The research arena is ripe for the development of better diagnostic technologies. One strategy under evaluation is the utilization of different combinations of tests, still relying on a two-tiered approach. For example, one group evaluated a combined standard IgG Western blot with the addition of a VlsE band as the second-tier test [16]. The same group more recently evaluated the use of two enzyme immunoassays, a whole-cell sonicate enzyme immunoassay followed by a VlsE C6 peptide enzyme immunoassay [17]. Another strategy has been the quest for a single test that does not require a two-tiered approach.
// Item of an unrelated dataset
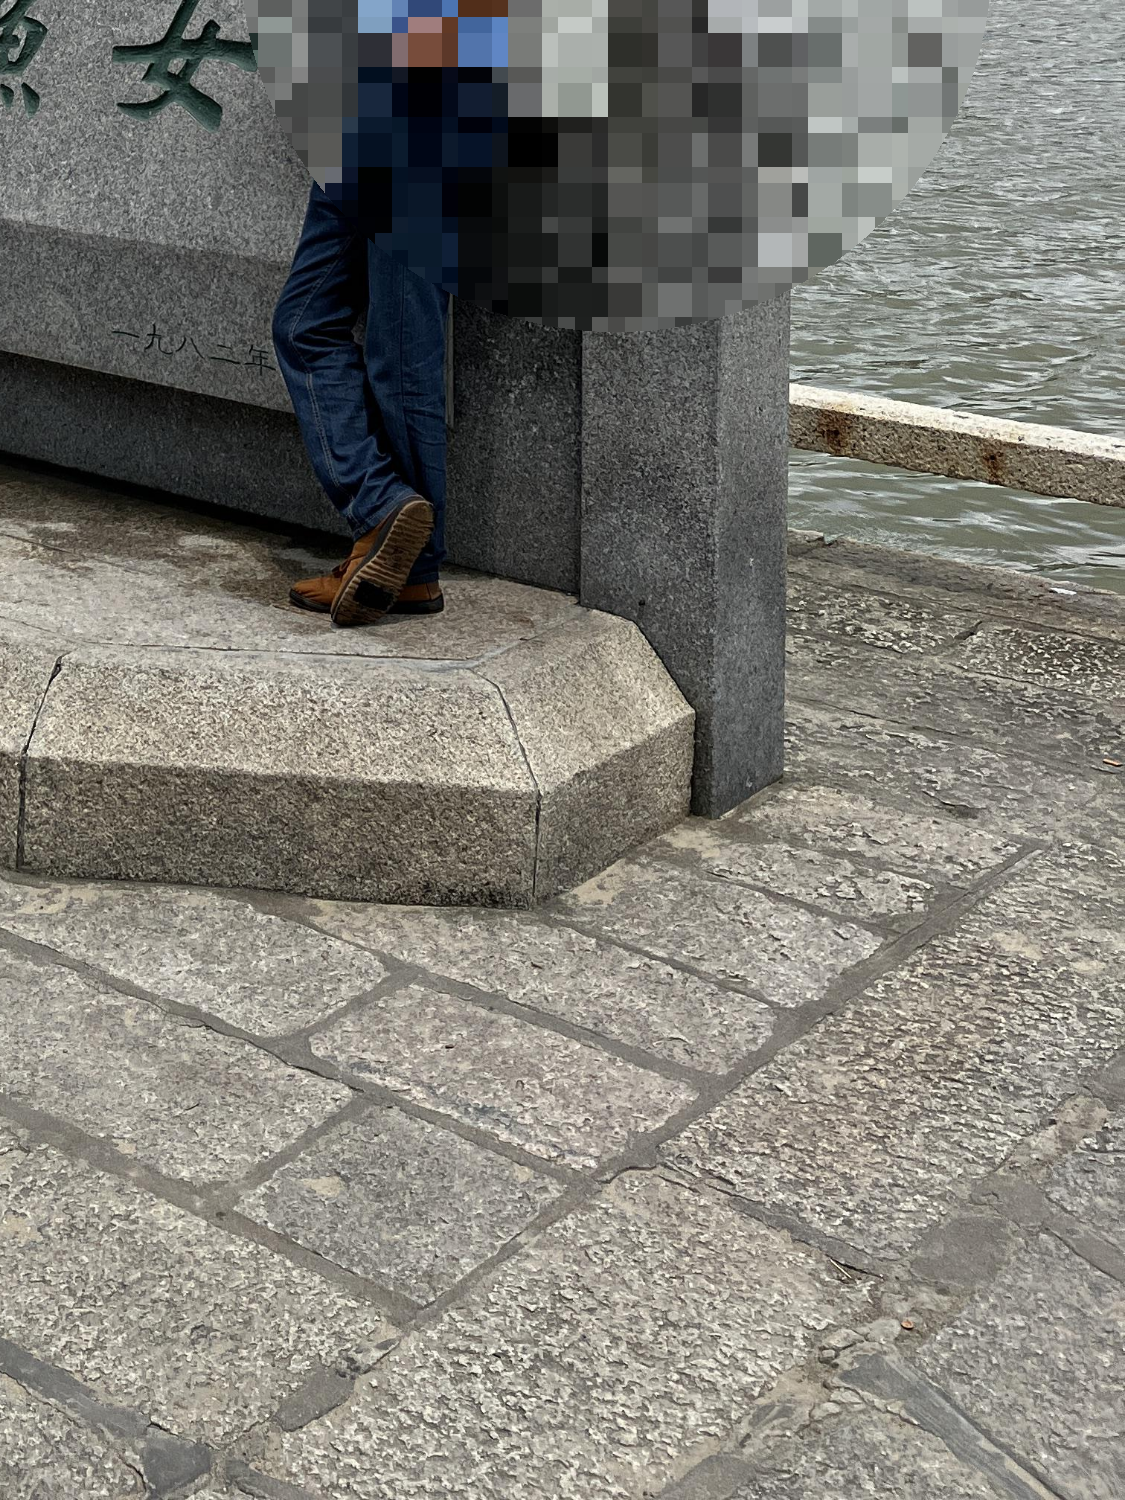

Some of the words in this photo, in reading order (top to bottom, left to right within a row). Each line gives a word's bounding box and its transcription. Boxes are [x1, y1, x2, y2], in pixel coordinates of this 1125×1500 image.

For example, one group recently demonstrated that a comparison of a newer multiplex assay for VlsE1-IgG and pepC10-IgM antibodies compared to Western blot was equally specific (95.6 %) but over 20 % more sensitive for early-convalescent-phase disease (89.0 % versus 68.3 %), performing as well as or better as a second-tier test [18]. The performance of rapid diagnostic tests for Lyme has not been promising to date [19]. Very recently, the CDC has published the establishment of a serum repository to facilitate Lyme disease diagnostic test development and evaluation [20].

Ultimately, a single tier, more easily interpretable diagnostic modality, combined with better education of the public and physicians is needed to optimize the diagnosis of Lyme disease.